Methods: The current retrospective study determines the causes and outcomes of AKI in patients of different age groups, who required hospitalization at our tertiary care hospital from March 2018 to March 2020. Possible etiologic conditions for AKI were recorded during the study period and AKI was classified according to the causes, age and outcome.
Results: records of total of 267 patients with diagnosis of AKI were obtained who were admitted during the study period. Obstetric related diagnosis was the commonest reason for AKI (n= 50 18.7%), another 42 (15.7%) had obstructive nephropathy, prerenal AKI in 35 patients (13.1%) and other causes such as glomerulonephritis, sepsis, pigment nephropathy and drug related interstitial nephritis among others.

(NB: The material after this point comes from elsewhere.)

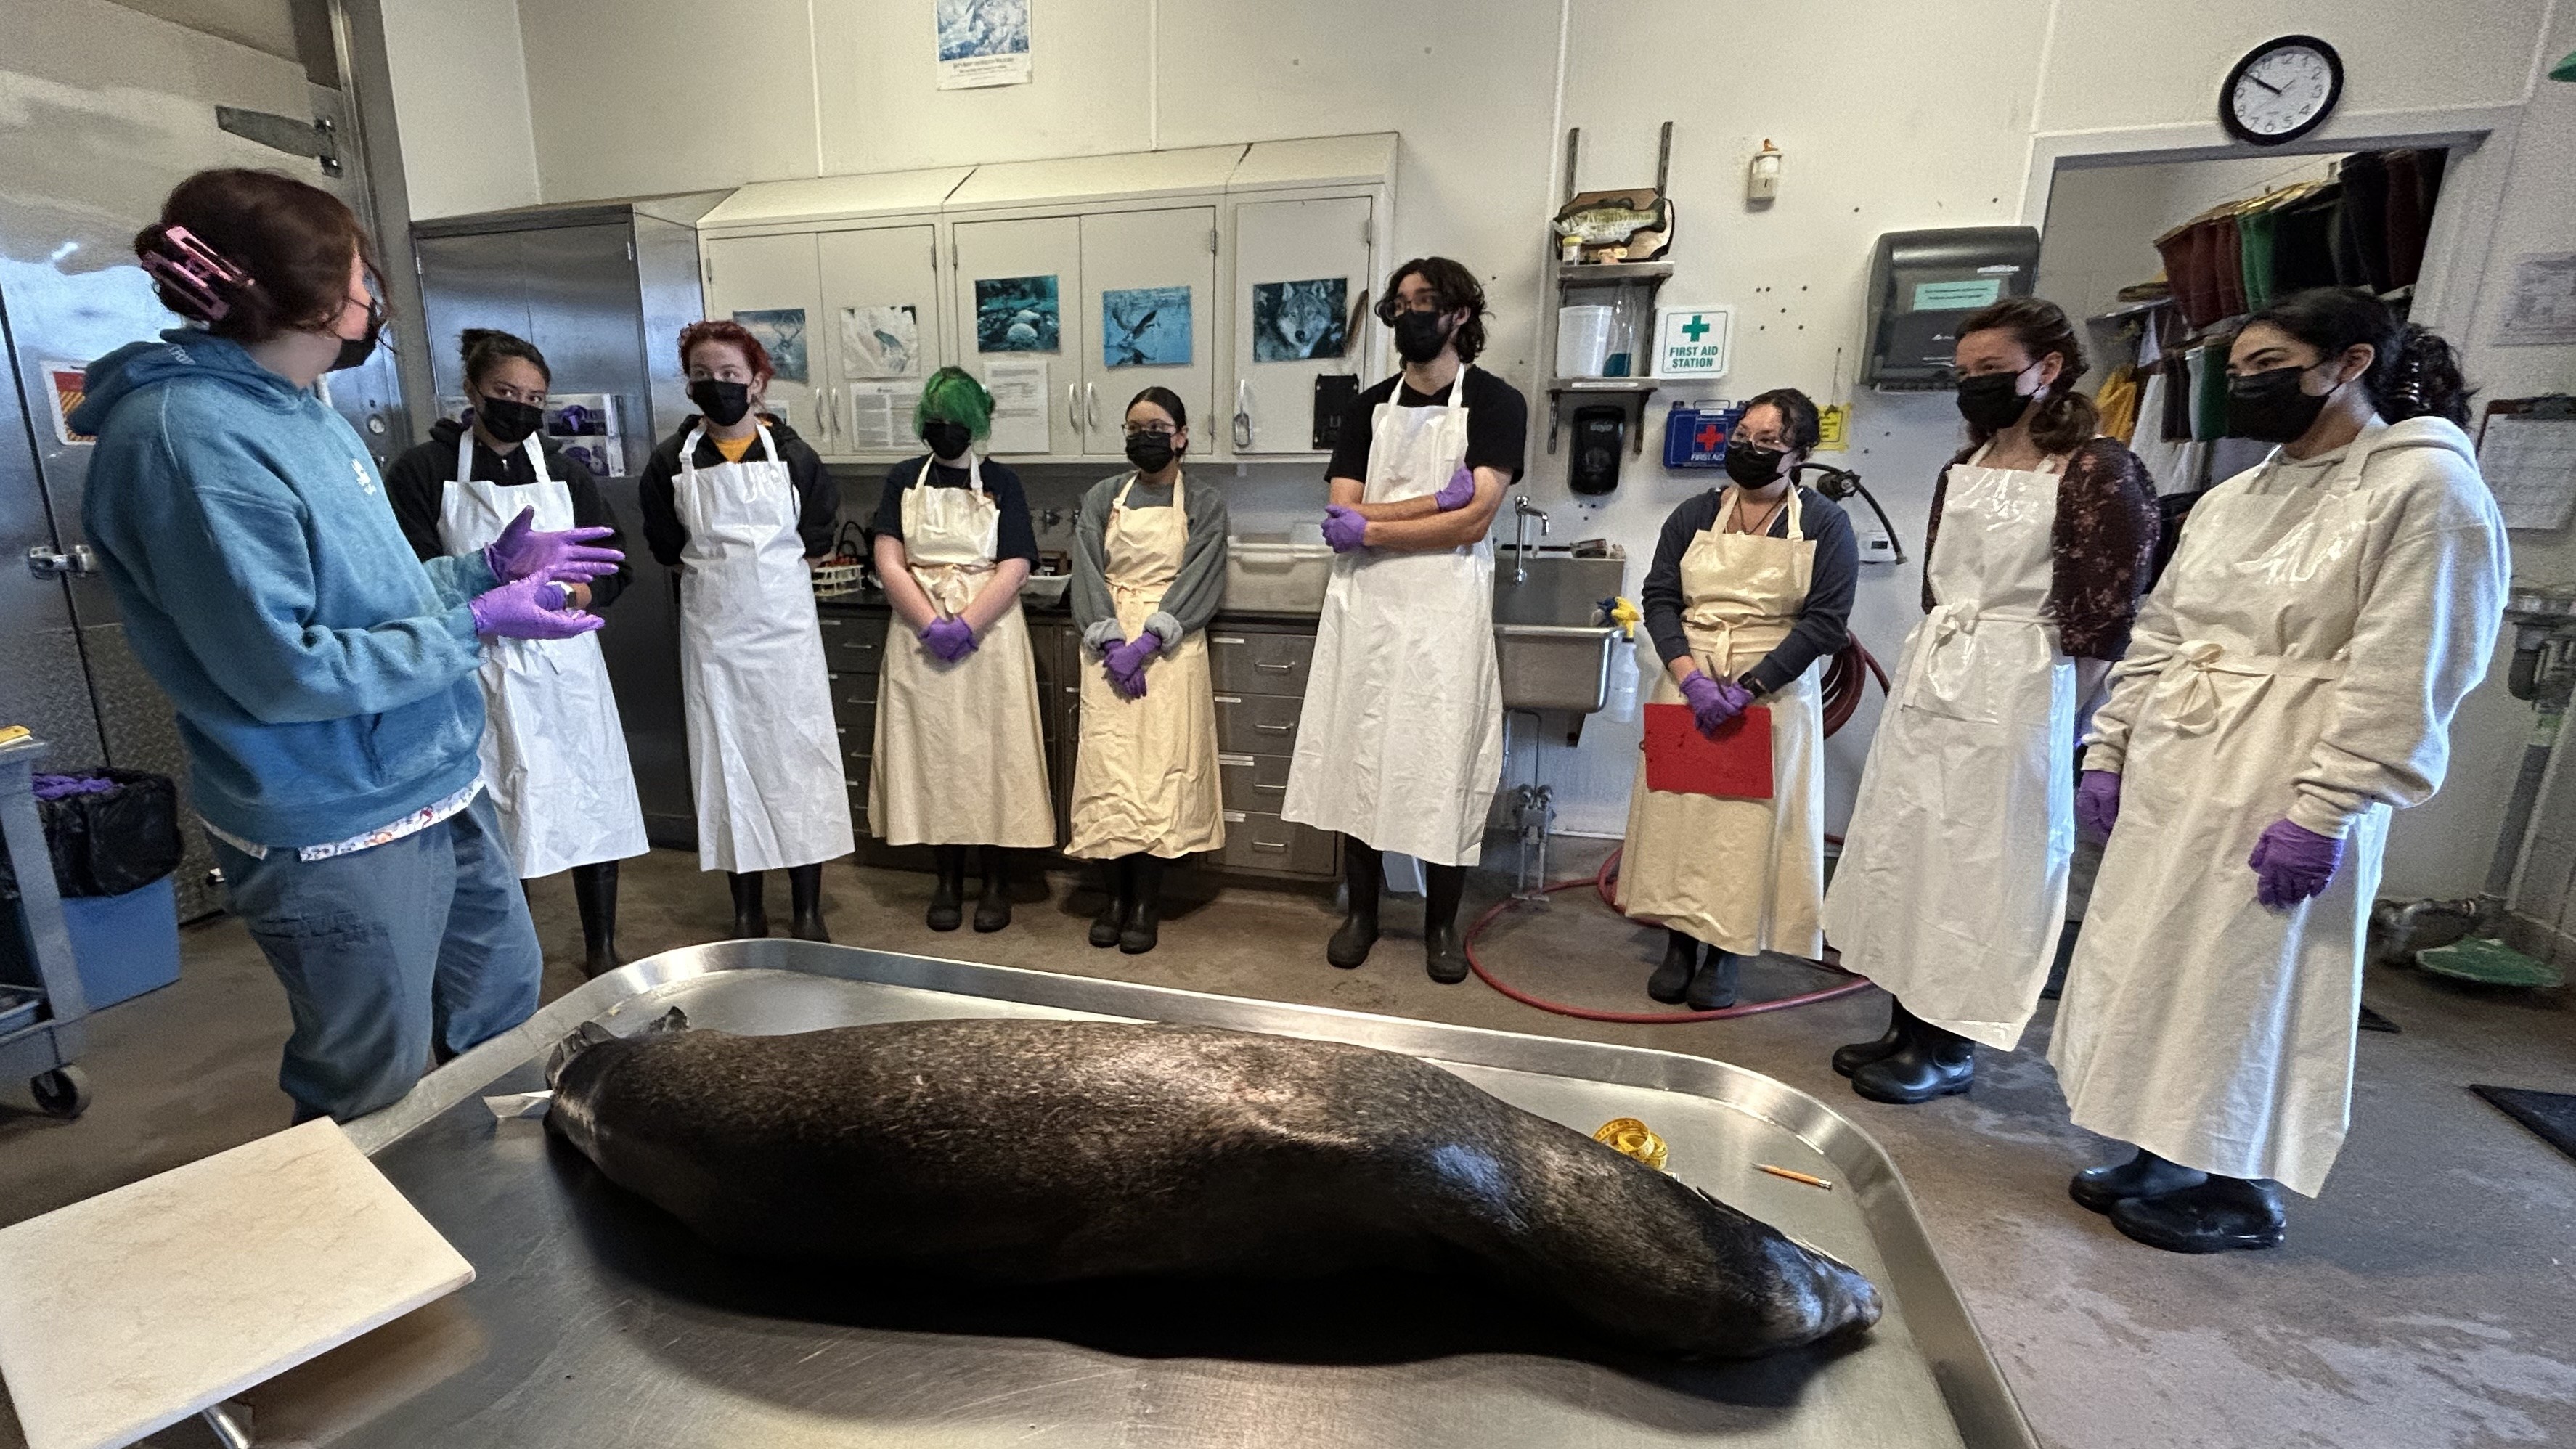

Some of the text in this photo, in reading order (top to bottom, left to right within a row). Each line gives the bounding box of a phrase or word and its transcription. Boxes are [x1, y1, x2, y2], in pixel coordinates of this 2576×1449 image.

Majority of the patients needed dialytic support, n=190 (71.2%) and majority of patients n=181 patients (67.7%) recovered completely, and only 11 patients (4.2%) expired.
Conclusion: Our study reveals that majority of patients with AKI presenting to BINUQ had reversible causes of AKI with complete recovery in significant number of patients. Community wise programs to early detect AKI with prompt treatment will decrease the likelihood of such patients adding to the CKD population.